A U.S. soldier accidentally kills an Italian secret service agent in Iraq. The Pentagon posts a report online in Portable Document Format (PDF), discussing the tragic incident. Clever readers on the Internet, however, are able to access blacked-out, confidential information in the PDF simply by cutting and pasting sections of the censored text into a Word file. Information-security problems caused by metadata, like the Pentagon fiasco from last spring, are becoming a pressing issue for the government and many corporations, are concerned that may transform the way information is shared online.

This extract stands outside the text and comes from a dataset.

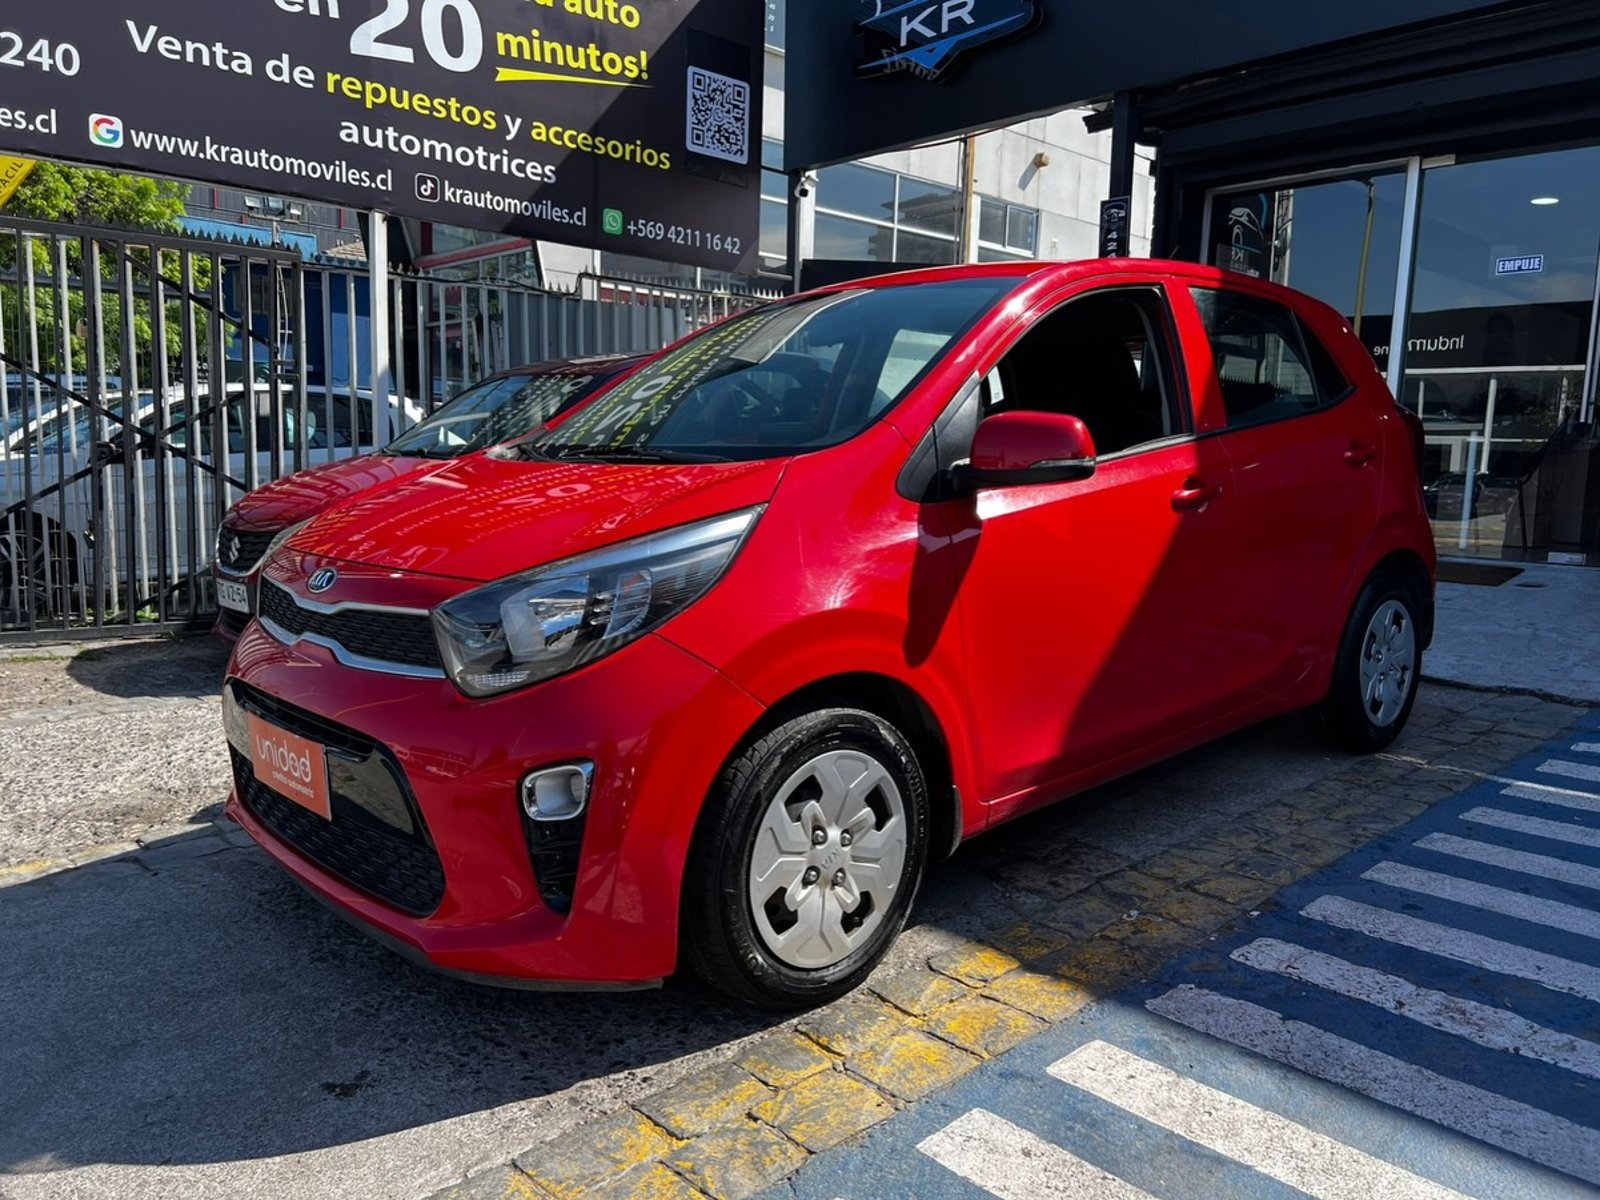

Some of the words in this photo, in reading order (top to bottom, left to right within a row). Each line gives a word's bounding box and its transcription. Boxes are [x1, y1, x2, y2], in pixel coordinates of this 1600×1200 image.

The National Security Agency (NSA)—charged with protecting U.S. government information systems and producing foreign signals intelligence information—recently released guidance to help other federal agencies contain digital content problems like these. In particular, the NSA warns of the dangers of documents made available online in Adobe PDF or Microsoft Word formats. But experts at document management companies like San Francisco-based Workshare Technology, Inc., are skeptical that the technical guidance provided by the NSA, instructing federal agencies on how to redact or edit PDF and Word documents, will be effective.
The NSA report is a good first step, but it is "trying to rely on user education alone," according to Ken Rutsky, EVP of worldwide products and marketing at Workshare. "Depending upon user education has proven to be unsuccessful time and again," he says.
The study, entitled, "Redacting with Confidence: How to Safely Publish Sanitized Reports Converted from Word to PDF," essentially summarizes the actions the NSA says agencies need to undertake to ensure that confidential information contained in Word or PDF files is not accidentally disclosed. The architectures and applications division of the NSA's Systems and Network Attack Center (SNAC) originally published the 14-page report.
According to the NSA, three common mistakes often lead to the unintentional exposure of data: covering text, charts, and tables with blackened rectangles to block the data from being read; reducing the size of images or covering them with black; and forgetting about metadata, the hidden information and revision histories embedded into digital content by many software programs today. "The way to avoid exposure is to ensure that sensitive information is not just visually hidden or made illegible, but is actually removed from the original document," according to the NSA report.
The NSA is currently focusing on the issue because the Pentagon isn't the only government agency to get into trouble over exposure of supposedly secret information left in documents. Other high-profile incidents include the following:
Last December, metadata included in a White House policy document called "Strategy for Victory in Iraq" showed who the author of the report was, causing some slight embarrassment to the Bush administration. Last fall, details of the assassination of the prime minister of Lebanon were revealed in a U.N. document, complicating the already tense political situation in the Middle East. And last spring, an email of testimony supporting the overhaul of the Social Security Administration (SSA) from a conservative group that still contained edited comments made by an associate commissioner of the SSA and a White House aide was sent to Democrats.
Corporations have also been embarrassed by similar problems: Recently, the editors of the New England Journal of Medicine reported that drug developer Merck & Co. had allegedly deleted information connecting the drug Vioxx to an alleged increased risk of heart disease from a document it submitted for publication. That deleted information was included in metadata embedded in the document. Overseas, Westpac Banking Corp., based in Sydney, Australia, sent out emails to Wall Street analysts containing full-year profit results that it had blacked out. The information was, however, retrievable by the recipients.
There are other famous cases too—some that have gone to trial. "We are also aware of litigation in which metadata has played an evidentiary role," says Dan Venglarik, an attorney for the Dallas-based law firm of Davis Munck Butrus, P.C. "In one case against an individual file-sharing defendant, metadata was used to show that the music files being made available by the defendant were ripped by different people using different software, negating any defense that the defendant was simply engaged in fair use copying of his own lawfully purchased CDs onto a computer."
Ron Hackett, program manager at SRS Technologies, points out that metadata reveals a great deal of information about a document. It contains information like the author of a document, the company that created it, and the date it was created or saved, as well as tracked changes and comments and hidden hyperlinks. Most agree that the government and companies need to set strict policies regarding document delivery over the Internet. They must "sanitize them," says Hackett. "A better method of reviewing and sanitizing electronic documents is needed to mitigate the inherent risk of these transfers."
Software solutions—available from Workshare and other vendors—can both set policy on document distribution and enforce it at the desktop and server levels. "The software looks at the content, scans it for violations, cures it of violations, warns the user of violations, and asks them if they are sure they still want to send the document," says Rutsky of Workshare Protect. There are other metadata removal tools available, including Payne Group's Metadata Assistant and Microsoft's add-on tool, which removes hidden data prior to transmission.
These kinds of tools may soon be seen as vital, as the disclosure of confidential facts can cause a calamity. "If the metadata is not actually removed, but is only deleted from the document, the secret information could easily be exposed," says Paul Dalton, an attorney at the Dallas law firm of Cowles & Thompson, P.C., which can expose organizations to incalculable risk.